(PROVIDED INFORMATION)
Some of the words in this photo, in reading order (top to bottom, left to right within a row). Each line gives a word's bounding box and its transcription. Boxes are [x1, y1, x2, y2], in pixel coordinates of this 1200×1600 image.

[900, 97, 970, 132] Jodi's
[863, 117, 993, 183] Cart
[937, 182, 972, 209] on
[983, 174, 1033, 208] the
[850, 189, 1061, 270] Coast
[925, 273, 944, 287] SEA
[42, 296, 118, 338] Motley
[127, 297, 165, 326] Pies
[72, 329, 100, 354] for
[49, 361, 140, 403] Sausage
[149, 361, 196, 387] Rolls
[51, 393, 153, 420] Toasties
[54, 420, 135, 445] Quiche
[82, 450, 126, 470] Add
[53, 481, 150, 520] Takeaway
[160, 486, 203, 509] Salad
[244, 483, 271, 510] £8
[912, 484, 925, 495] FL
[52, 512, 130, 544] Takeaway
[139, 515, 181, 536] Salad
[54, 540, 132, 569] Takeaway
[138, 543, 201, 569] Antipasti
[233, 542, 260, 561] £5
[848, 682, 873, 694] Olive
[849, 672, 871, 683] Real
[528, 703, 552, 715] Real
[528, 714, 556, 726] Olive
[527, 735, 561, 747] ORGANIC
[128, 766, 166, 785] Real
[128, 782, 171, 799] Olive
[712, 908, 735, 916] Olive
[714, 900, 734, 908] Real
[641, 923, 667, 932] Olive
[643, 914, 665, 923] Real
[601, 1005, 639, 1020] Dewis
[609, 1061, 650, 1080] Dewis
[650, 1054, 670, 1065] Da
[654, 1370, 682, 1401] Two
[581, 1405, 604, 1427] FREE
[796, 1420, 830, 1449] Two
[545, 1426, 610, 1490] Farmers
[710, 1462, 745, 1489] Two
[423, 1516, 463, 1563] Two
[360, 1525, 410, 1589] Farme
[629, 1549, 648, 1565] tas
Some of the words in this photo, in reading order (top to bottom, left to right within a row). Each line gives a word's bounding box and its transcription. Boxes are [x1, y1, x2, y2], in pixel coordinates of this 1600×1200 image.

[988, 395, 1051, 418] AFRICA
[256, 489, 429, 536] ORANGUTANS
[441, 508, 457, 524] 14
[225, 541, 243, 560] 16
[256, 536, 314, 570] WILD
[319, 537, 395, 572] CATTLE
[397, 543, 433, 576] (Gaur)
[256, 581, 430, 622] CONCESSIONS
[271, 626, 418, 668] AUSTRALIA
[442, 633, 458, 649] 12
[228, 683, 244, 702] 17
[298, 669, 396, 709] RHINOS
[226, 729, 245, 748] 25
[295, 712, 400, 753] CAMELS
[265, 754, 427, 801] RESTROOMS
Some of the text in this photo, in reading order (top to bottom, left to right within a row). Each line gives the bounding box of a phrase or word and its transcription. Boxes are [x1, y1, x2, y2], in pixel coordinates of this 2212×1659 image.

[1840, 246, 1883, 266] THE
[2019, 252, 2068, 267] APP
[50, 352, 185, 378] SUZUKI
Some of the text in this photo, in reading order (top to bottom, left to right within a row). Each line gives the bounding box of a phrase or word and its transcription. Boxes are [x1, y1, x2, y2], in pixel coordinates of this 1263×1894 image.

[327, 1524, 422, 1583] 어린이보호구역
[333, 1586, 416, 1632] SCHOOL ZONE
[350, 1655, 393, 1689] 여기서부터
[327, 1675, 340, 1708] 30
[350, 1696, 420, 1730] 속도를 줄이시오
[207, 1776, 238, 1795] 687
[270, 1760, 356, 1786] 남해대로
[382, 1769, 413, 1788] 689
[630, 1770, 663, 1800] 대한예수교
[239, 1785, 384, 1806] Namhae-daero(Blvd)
(End PROVIDED INFORMATION)
## [EXERCISE OBJECTIVE]
Write out all the material exactly.

## [FINISHED TASK]
Some of the words in this photo, in reading order (top to bottom, left to right within a row). Each line gives a word's bounding box and its transcription. Boxes are [x1, y1, x2, y2], in pixel coordinates of this 1200×1600 image.

[900, 97, 970, 132] Jodi's
[863, 117, 993, 183] Cart
[937, 182, 972, 209] on
[983, 174, 1033, 208] the
[850, 189, 1061, 270] Coast
[925, 273, 944, 287] SEA
[42, 296, 118, 338] Motley
[127, 297, 165, 326] Pies
[72, 329, 100, 354] for
[49, 361, 140, 403] Sausage
[149, 361, 196, 387] Rolls
[51, 393, 153, 420] Toasties
[54, 420, 135, 445] Quiche
[82, 450, 126, 470] Add
[53, 481, 150, 520] Takeaway
[160, 486, 203, 509] Salad
[244, 483, 271, 510] £8
[912, 484, 925, 495] FL
[52, 512, 130, 544] Takeaway
[139, 515, 181, 536] Salad
[54, 540, 132, 569] Takeaway
[138, 543, 201, 569] Antipasti
[233, 542, 260, 561] £5
[848, 682, 873, 694] Olive
[849, 672, 871, 683] Real
[528, 703, 552, 715] Real
[528, 714, 556, 726] Olive
[527, 735, 561, 747] ORGANIC
[128, 766, 166, 785] Real
[128, 782, 171, 799] Olive
[712, 908, 735, 916] Olive
[714, 900, 734, 908] Real
[641, 923, 667, 932] Olive
[643, 914, 665, 923] Real
[601, 1005, 639, 1020] Dewis
[609, 1061, 650, 1080] Dewis
[650, 1054, 670, 1065] Da
[654, 1370, 682, 1401] Two
[581, 1405, 604, 1427] FREE
[796, 1420, 830, 1449] Two
[545, 1426, 610, 1490] Farmers
[710, 1462, 745, 1489] Two
[423, 1516, 463, 1563] Two
[360, 1525, 410, 1589] Farme
[629, 1549, 648, 1565] tas
Some of the words in this photo, in reading order (top to bottom, left to right within a row). Each line gives a word's bounding box and its transcription. Boxes are [x1, y1, x2, y2], in pixel coordinates of this 1600×1200 image.

[988, 395, 1051, 418] AFRICA
[256, 489, 429, 536] ORANGUTANS
[441, 508, 457, 524] 14
[225, 541, 243, 560] 16
[256, 536, 314, 570] WILD
[319, 537, 395, 572] CATTLE
[397, 543, 433, 576] (Gaur)
[256, 581, 430, 622] CONCESSIONS
[271, 626, 418, 668] AUSTRALIA
[442, 633, 458, 649] 12
[228, 683, 244, 702] 17
[298, 669, 396, 709] RHINOS
[226, 729, 245, 748] 25
[295, 712, 400, 753] CAMELS
[265, 754, 427, 801] RESTROOMS
Some of the text in this photo, in reading order (top to bottom, left to right within a row). Each line gives the bounding box of a phrase or word and its transcription. Boxes are [x1, y1, x2, y2], in pixel coordinates of this 2212×1659 image.

[1840, 246, 1883, 266] THE
[2019, 252, 2068, 267] APP
[50, 352, 185, 378] SUZUKI
Some of the text in this photo, in reading order (top to bottom, left to right within a row). Each line gives the bounding box of a phrase or word and its transcription. Boxes are [x1, y1, x2, y2], in pixel coordinates of this 1263×1894 image.

[327, 1524, 422, 1583] 어린이보호구역
[333, 1586, 416, 1632] SCHOOL ZONE
[350, 1655, 393, 1689] 여기서부터
[327, 1675, 340, 1708] 30
[350, 1696, 420, 1730] 속도를 줄이시오
[207, 1776, 238, 1795] 687
[270, 1760, 356, 1786] 남해대로
[382, 1769, 413, 1788] 689
[630, 1770, 663, 1800] 대한예수교
[239, 1785, 384, 1806] Namhae-daero(Blvd)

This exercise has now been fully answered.